# 18S rRNA gene from the targeted coassembly  

The targeted co-assembly of NEW-abundant filters did not recover a potential corresponding psbO gene (at least not that we can see).

We now try to extract the 18S genes from the targeted coassembly with the idea that the 18S gene is more likely to be recovered than the psbO gene as it tends to (but not always) have multiple copies in genomes.

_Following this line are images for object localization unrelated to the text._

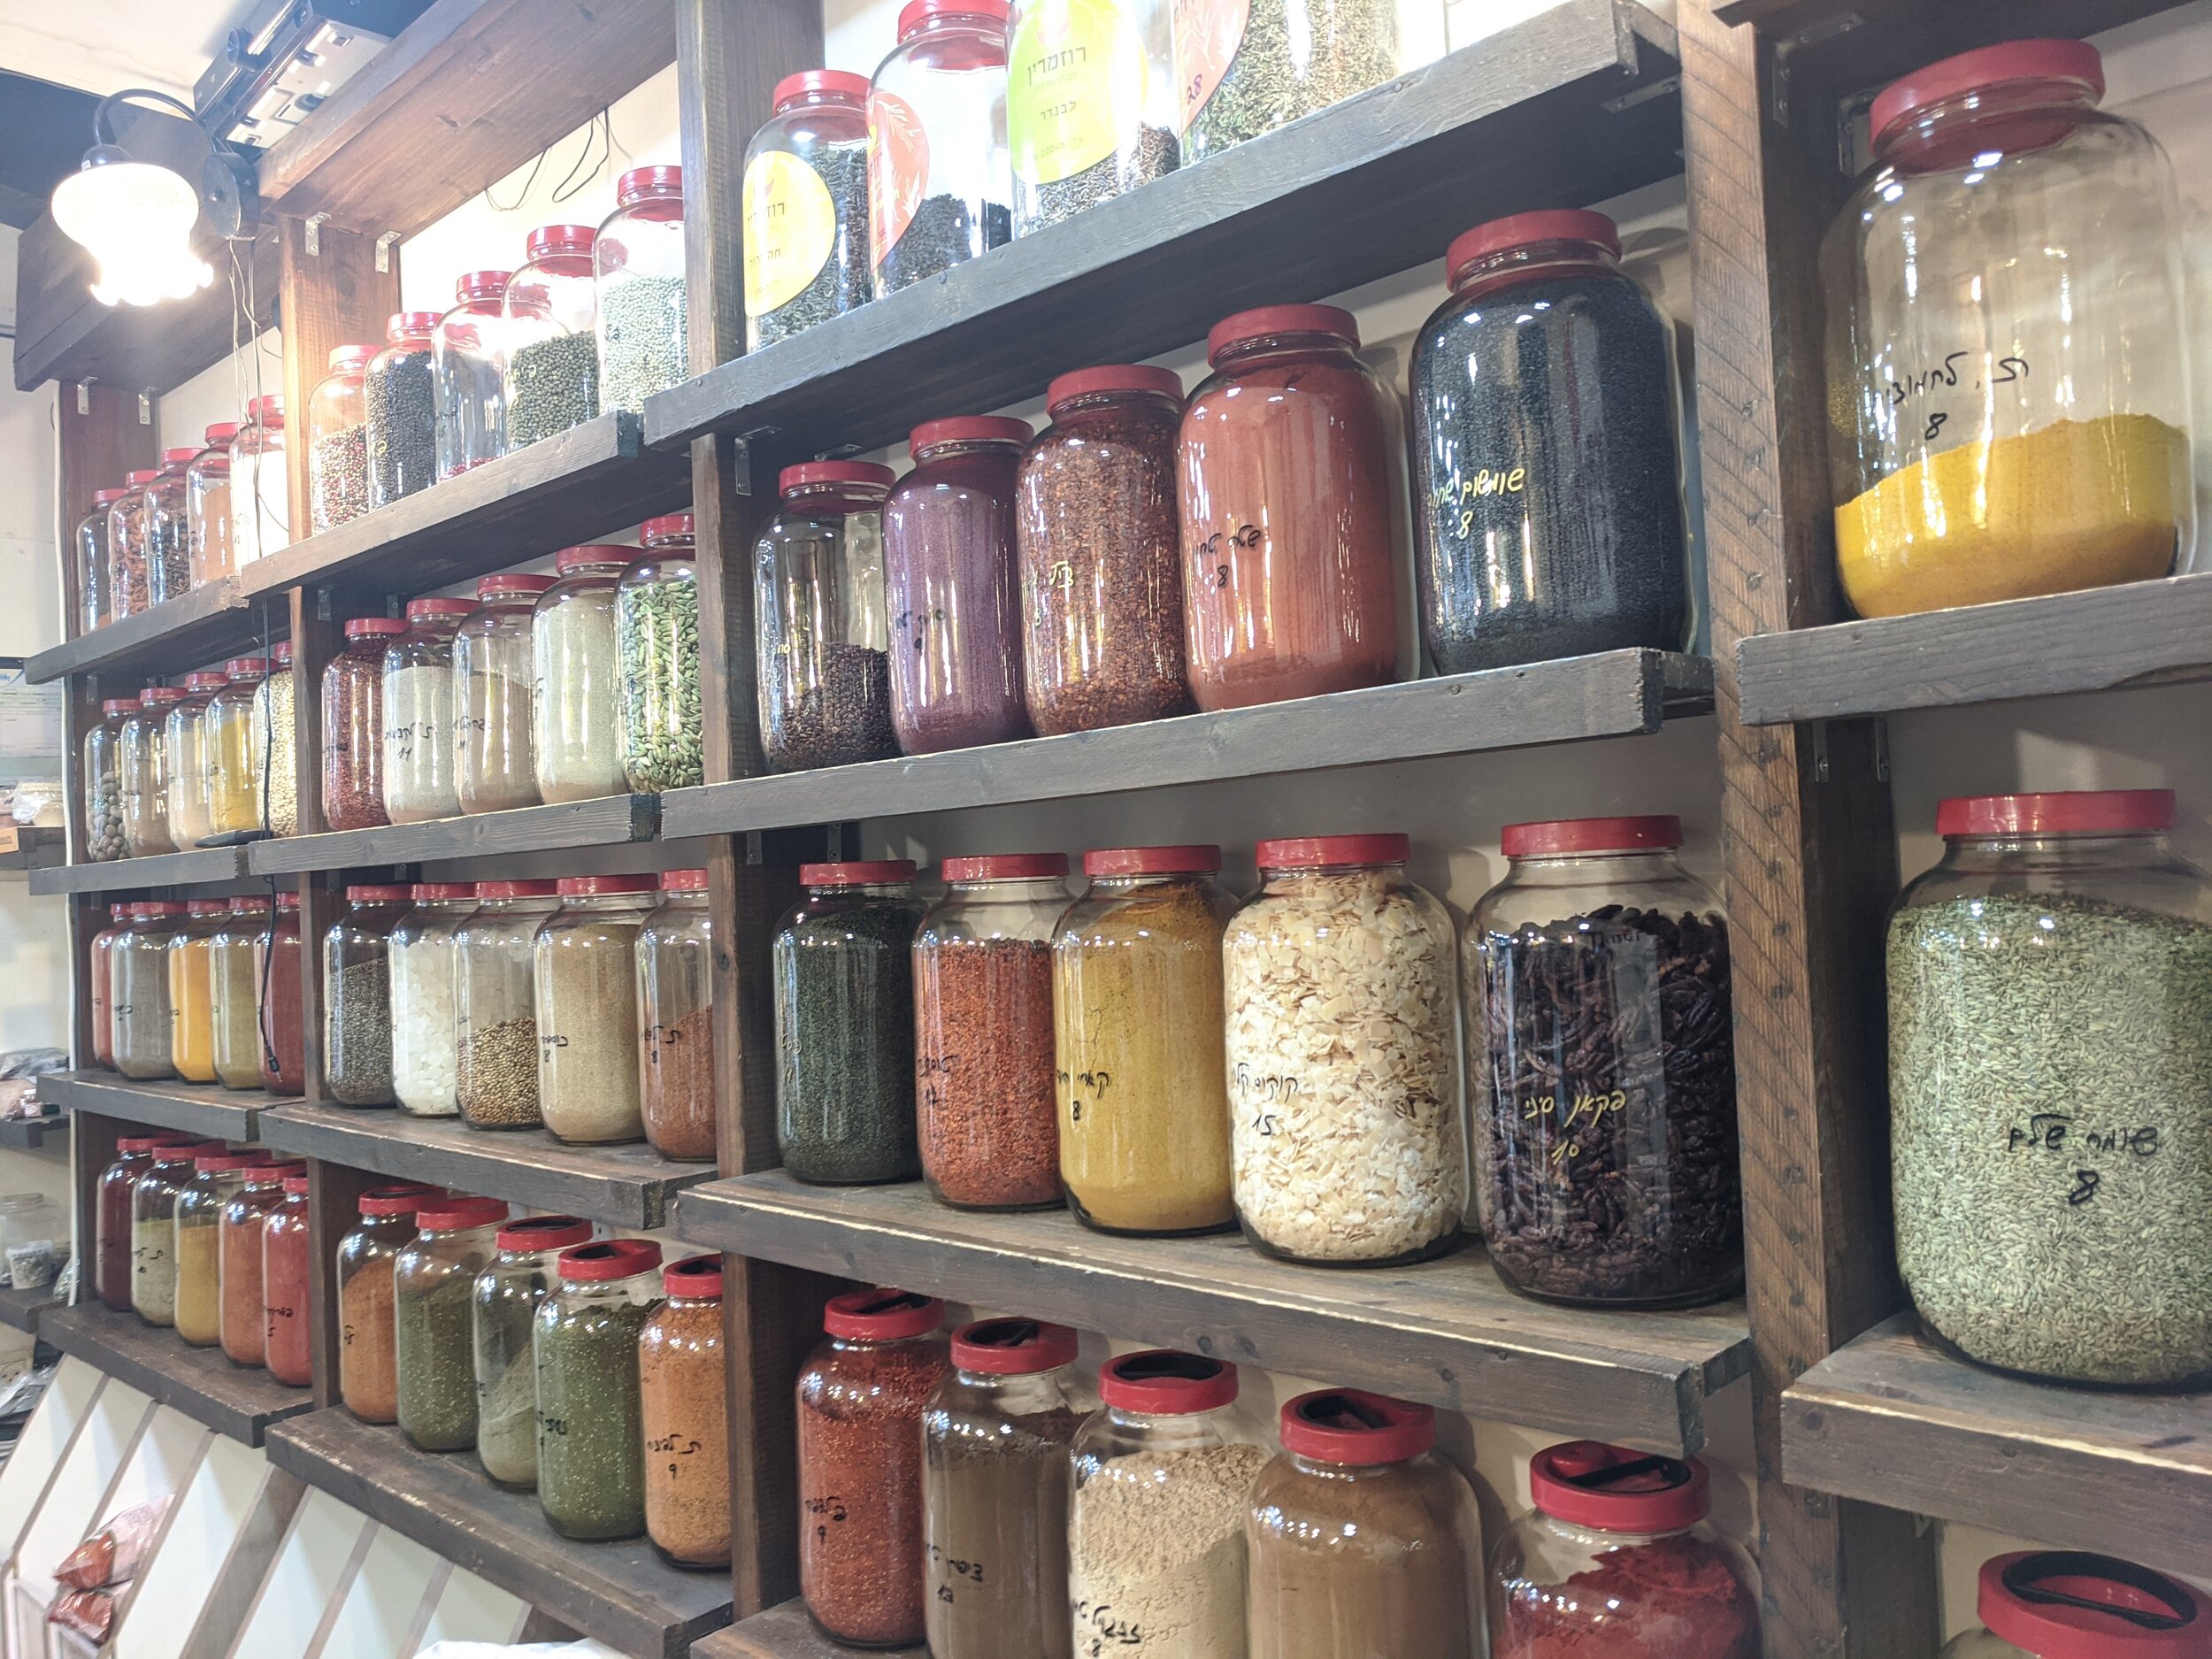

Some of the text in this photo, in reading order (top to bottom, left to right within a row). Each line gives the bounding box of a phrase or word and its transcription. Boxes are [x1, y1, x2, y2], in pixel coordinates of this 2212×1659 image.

[1027, 46, 1087, 86] רוזמרין
[1040, 100, 1077, 120] לבנדר
[747, 202, 785, 232] רוזרין
[1924, 411, 1948, 441] 8
[1457, 510, 1473, 540] 8
[1217, 565, 1229, 588] 8
[1077, 1070, 1110, 1099] קארי
[1254, 1074, 1299, 1104] קוקוס
[1072, 1100, 1081, 1121] 8
[1524, 1089, 1628, 1129] פקאן סיני
[1251, 1113, 1277, 1137] 15
[2008, 1112, 2159, 1157] שומר שלם
[1550, 1139, 1580, 1166] 10
[2068, 1168, 2101, 1206] 8
[668, 1463, 678, 1479] 9

I'll try to first extract the 18S gene using [barrnap](https://github.com/tseemann/barrnap).

In [None]:
# Check if python is 3.10.5
import json
import os
import pandas as pd
import sys
import numpy as np
import __init__


print(sys.version)
%load_ext autoreload
%autoreload 2

In [7]:
# we store the important data paths in PATH_FILE
PATH_FILE = "../../PATHS.json"

paths_dict = json.load(open(PATH_FILE, "r"));

## 1. Extract 18S sequences from the filters where NEW is abundant

We use barrnap with a very relaxed length cutoff of 0.1.

In [3]:
## Path to assembly folder 
ASSEMBLY = paths_dict["ANALYSIS_DATA"]["COASSEMBLY"]["MEGAHIT"]

In [None]:
%%bash -s "$ASSEMBLY"

sbatch ../../uppmax_scripts/script_bin/job_2024_09_barrnap.sh "$1"/out/final.contigs.fa "$1"/out/18S/rrna.fasta

We extract the 18S sequences only. 

In [None]:
%%bash -s "$ASSEMBLY"

seqkit grep -rp "18S" "$1"/out/18S/rrna.fasta > "$1"/out/18S/18S.fasta
seqkit stats "$1"/out/18S/18S.fasta

We got 95 18S sequences, from 468 to 1800 bp. What are these 18S sequences? Let us find out! 

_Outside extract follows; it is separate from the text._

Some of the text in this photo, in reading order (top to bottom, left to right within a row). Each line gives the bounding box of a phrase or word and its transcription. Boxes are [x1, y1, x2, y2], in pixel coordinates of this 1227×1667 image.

## 2. BLAST 18S sequences against PR2 v5

We BLAST our extracted 18S sequences against [PR2 v5](https://github.com/pr2database/pr2database/releases/tag/v5.0.0) to try and identify what is present in our metagenomes. Are there things that are very unsimilar to known reference sequences?

In [8]:
## Path to assembly folder 
ASSEMBLY = paths_dict["ANALYSIS_DATA"]["COASSEMBLY"]["MEGAHIT"]

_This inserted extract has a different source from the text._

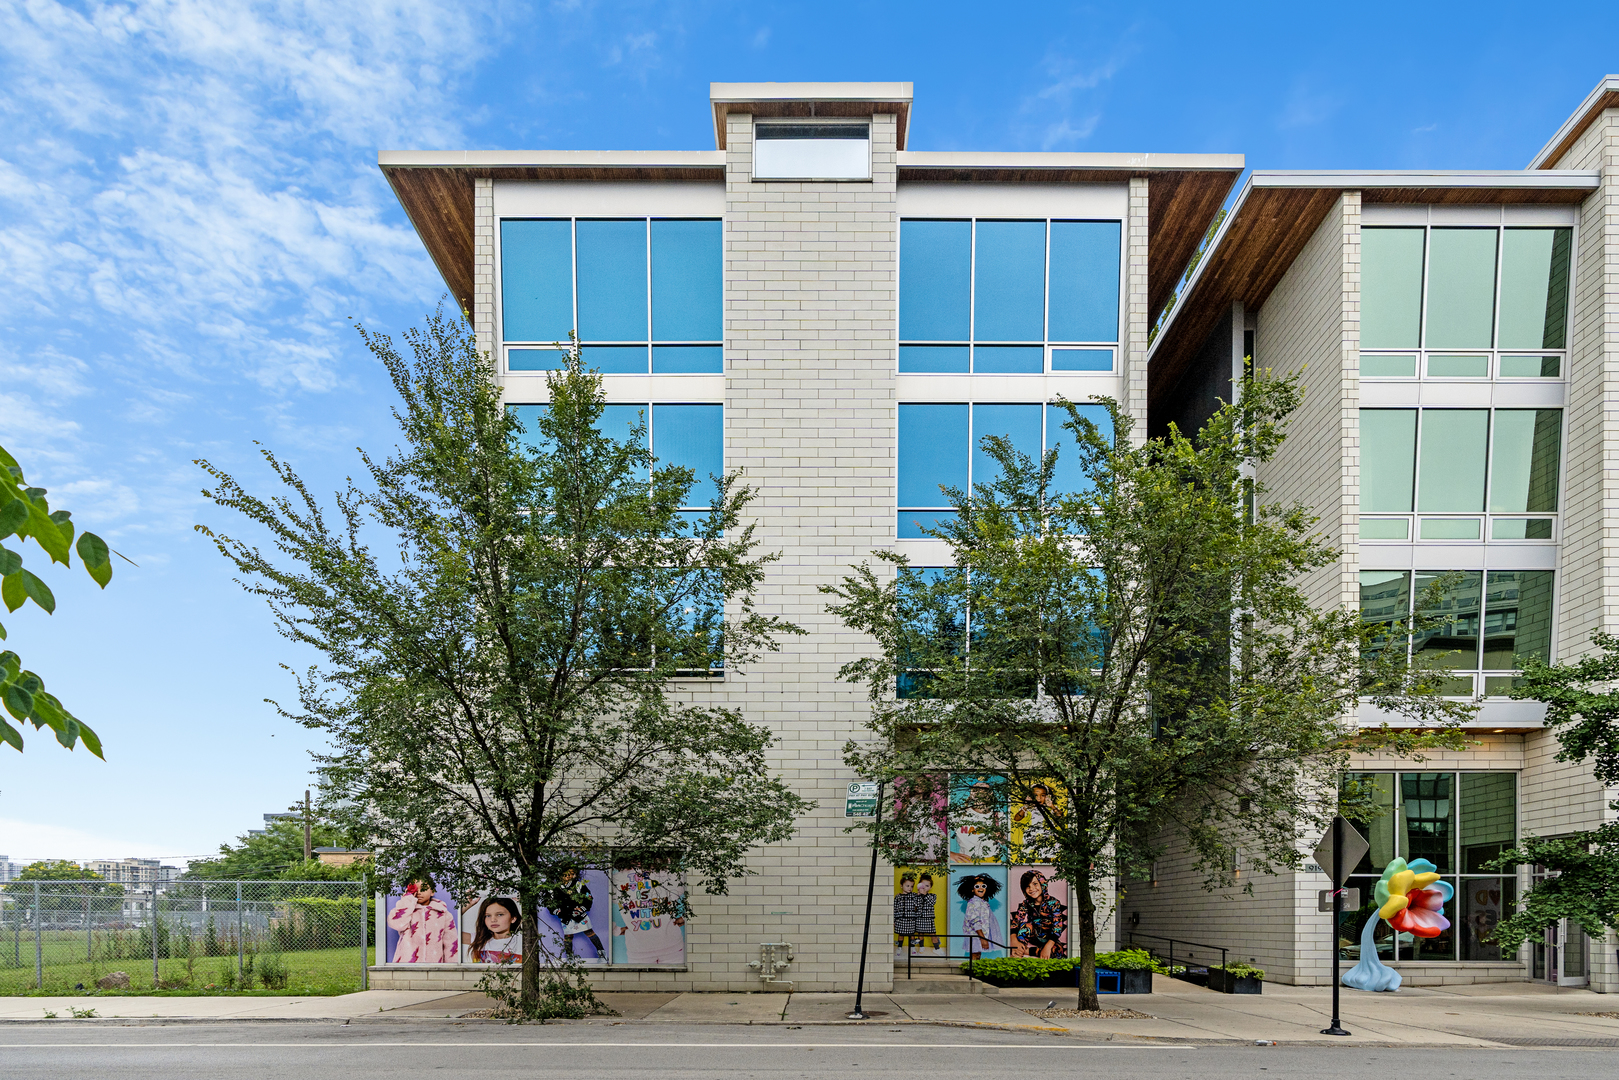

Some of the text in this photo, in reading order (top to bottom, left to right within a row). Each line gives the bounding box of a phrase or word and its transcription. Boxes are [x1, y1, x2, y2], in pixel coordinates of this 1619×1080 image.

[627, 871, 650, 882] THE
[636, 891, 649, 900] IS
[630, 908, 660, 919] WITH
[631, 919, 662, 932] YOU

## Path to PR2 blast database
PR2 = paths_dict["DATABASES"]["COASSEMBLY"]["PR2"]

In [None]:
%%bash -s "$ASSEMBLY" "$PR2"

sbatch ../../uppmax_scripts/script_bin/job_blastn.sh "$1"/out/18S/18S.fasta "$2"/pr2_version_5.0.0_SSU_taxo_long.db "$1"/out/18S

We pull the best blast hit for each query.

In [15]:
%%bash -s "$ASSEMBLY" 

## Extract best blast hit for each 18S seq
cat "$1"/out/18S/18S__pr2_version_5.blastout | sort -k1,1 -k12,12nr | awk '!seen[$1]++' > "$1"/out/18S/18S__pr2_version_5.blastout.bestHit

I looked at the best hits manually. Most 18S sequences were actually 16S sequences from plastids and mitochondria, leaving behind only 29 nuclear 18S sequences. Out of these most were >90% to known references (animals, haptophytes, dinoflagellates, ciliates etc). Around four were less than 90% similar, and I looked at these sequences in more detail and BLASTed them against NCBI's nt_core. Three of these sequences could be convincingly placed in existing groups. One sequence (18S_RRNA::C_000000708636:221-1073) looked very different, and it initially excited me. However, a vast proportion of the sequence simply had no hits (when I blasted in bits) and is likely a chimeric sequence from bits of 18S and non-18S sequence. 

To summarise, the search for the 18S of NEW failed looking at just the assembled metagenomes. I will try looking at the 18S ASVs from these filters.

## References

Seemann T. barrnap 0.9 : rapid ribosomal RNA prediction. https://github.com/tseemann/barrnap

Guillou, L., Bachar, D., Audic, S., Bass, D., Berney, C., Bittner, L., ... & Christen, R. (2012). The Protist Ribosomal Reference database (PR2): a catalog of unicellular eukaryote small sub-unit rRNA sequences with curated taxonomy. Nucleic acids research, 41(D1), D597-D604.